▶ **ENTRIES SUPPLIED**
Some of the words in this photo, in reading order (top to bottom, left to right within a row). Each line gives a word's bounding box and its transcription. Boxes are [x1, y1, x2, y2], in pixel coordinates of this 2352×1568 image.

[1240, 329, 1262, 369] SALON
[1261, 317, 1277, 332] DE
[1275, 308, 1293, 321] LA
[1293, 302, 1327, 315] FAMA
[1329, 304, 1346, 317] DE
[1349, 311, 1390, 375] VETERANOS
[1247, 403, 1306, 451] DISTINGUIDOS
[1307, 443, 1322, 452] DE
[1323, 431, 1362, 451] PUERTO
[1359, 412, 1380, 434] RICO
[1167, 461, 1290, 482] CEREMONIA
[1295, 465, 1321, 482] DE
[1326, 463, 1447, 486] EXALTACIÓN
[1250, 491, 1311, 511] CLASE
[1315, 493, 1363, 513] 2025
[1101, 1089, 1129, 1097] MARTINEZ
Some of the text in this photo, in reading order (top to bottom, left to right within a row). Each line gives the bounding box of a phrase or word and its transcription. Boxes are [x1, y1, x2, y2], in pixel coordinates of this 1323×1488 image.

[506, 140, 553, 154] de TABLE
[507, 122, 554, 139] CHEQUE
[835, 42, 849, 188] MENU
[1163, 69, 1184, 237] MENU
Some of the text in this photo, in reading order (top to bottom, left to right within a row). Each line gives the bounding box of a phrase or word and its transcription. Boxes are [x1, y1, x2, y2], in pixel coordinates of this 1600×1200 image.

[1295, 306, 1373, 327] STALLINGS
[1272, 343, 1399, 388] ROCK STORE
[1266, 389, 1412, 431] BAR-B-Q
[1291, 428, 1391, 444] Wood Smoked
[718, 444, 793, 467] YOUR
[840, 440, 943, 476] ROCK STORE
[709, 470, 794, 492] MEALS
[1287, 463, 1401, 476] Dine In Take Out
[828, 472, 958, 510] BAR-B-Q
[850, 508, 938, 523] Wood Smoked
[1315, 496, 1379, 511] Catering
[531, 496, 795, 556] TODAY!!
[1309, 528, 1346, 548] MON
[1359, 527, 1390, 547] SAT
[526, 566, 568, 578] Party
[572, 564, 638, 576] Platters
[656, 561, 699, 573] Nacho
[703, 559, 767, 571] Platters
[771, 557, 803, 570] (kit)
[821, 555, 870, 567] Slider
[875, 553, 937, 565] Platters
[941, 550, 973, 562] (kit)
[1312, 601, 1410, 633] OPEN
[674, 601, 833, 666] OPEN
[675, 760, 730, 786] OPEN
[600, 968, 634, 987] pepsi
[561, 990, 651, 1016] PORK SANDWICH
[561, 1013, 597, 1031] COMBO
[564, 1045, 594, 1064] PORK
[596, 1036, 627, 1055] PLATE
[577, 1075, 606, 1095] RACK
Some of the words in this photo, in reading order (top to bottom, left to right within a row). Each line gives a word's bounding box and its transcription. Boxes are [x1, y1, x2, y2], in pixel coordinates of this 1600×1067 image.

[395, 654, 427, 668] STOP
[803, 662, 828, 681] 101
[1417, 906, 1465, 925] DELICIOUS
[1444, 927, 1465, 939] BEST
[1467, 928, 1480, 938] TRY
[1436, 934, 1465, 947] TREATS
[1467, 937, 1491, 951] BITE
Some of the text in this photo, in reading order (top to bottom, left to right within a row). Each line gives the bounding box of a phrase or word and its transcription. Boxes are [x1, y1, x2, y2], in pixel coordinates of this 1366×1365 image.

▶ **TASK REQUIREMENTS**
From the first line down to the last, give the records again exactly.

▶ **WRITTEN RESPONSE**
Some of the words in this photo, in reading order (top to bottom, left to right within a row). Each line gives a word's bounding box and its transcription. Boxes are [x1, y1, x2, y2], in pixel coordinates of this 2352×1568 image.

[1240, 329, 1262, 369] SALON
[1261, 317, 1277, 332] DE
[1275, 308, 1293, 321] LA
[1293, 302, 1327, 315] FAMA
[1329, 304, 1346, 317] DE
[1349, 311, 1390, 375] VETERANOS
[1247, 403, 1306, 451] DISTINGUIDOS
[1307, 443, 1322, 452] DE
[1323, 431, 1362, 451] PUERTO
[1359, 412, 1380, 434] RICO
[1167, 461, 1290, 482] CEREMONIA
[1295, 465, 1321, 482] DE
[1326, 463, 1447, 486] EXALTACIÓN
[1250, 491, 1311, 511] CLASE
[1315, 493, 1363, 513] 2025
[1101, 1089, 1129, 1097] MARTINEZ
Some of the text in this photo, in reading order (top to bottom, left to right within a row). Each line gives the bounding box of a phrase or word and its transcription. Boxes are [x1, y1, x2, y2], in pixel coordinates of this 1323×1488 image.

[506, 140, 553, 154] de TABLE
[507, 122, 554, 139] CHEQUE
[835, 42, 849, 188] MENU
[1163, 69, 1184, 237] MENU
Some of the text in this photo, in reading order (top to bottom, left to right within a row). Each line gives the bounding box of a phrase or word and its transcription. Boxes are [x1, y1, x2, y2], in pixel coordinates of this 1600×1200 image.

[1295, 306, 1373, 327] STALLINGS
[1272, 343, 1399, 388] ROCK STORE
[1266, 389, 1412, 431] BAR-B-Q
[1291, 428, 1391, 444] Wood Smoked
[718, 444, 793, 467] YOUR
[840, 440, 943, 476] ROCK STORE
[709, 470, 794, 492] MEALS
[1287, 463, 1401, 476] Dine In Take Out
[828, 472, 958, 510] BAR-B-Q
[850, 508, 938, 523] Wood Smoked
[1315, 496, 1379, 511] Catering
[531, 496, 795, 556] TODAY!!
[1309, 528, 1346, 548] MON
[1359, 527, 1390, 547] SAT
[526, 566, 568, 578] Party
[572, 564, 638, 576] Platters
[656, 561, 699, 573] Nacho
[703, 559, 767, 571] Platters
[771, 557, 803, 570] (kit)
[821, 555, 870, 567] Slider
[875, 553, 937, 565] Platters
[941, 550, 973, 562] (kit)
[1312, 601, 1410, 633] OPEN
[674, 601, 833, 666] OPEN
[675, 760, 730, 786] OPEN
[600, 968, 634, 987] pepsi
[561, 990, 651, 1016] PORK SANDWICH
[561, 1013, 597, 1031] COMBO
[564, 1045, 594, 1064] PORK
[596, 1036, 627, 1055] PLATE
[577, 1075, 606, 1095] RACK
Some of the words in this photo, in reading order (top to bottom, left to right within a row). Each line gives a word's bounding box and its transcription. Boxes are [x1, y1, x2, y2], in pixel coordinates of this 1600×1067 image.

[395, 654, 427, 668] STOP
[803, 662, 828, 681] 101
[1417, 906, 1465, 925] DELICIOUS
[1444, 927, 1465, 939] BEST
[1467, 928, 1480, 938] TRY
[1436, 934, 1465, 947] TREATS
[1467, 937, 1491, 951] BITE
Some of the text in this photo, in reading order (top to bottom, left to right within a row). Each line gives the bounding box of a phrase or word and its transcription. Boxes are [x1, y1, x2, y2], in pixel coordinates of this 1366×1365 image.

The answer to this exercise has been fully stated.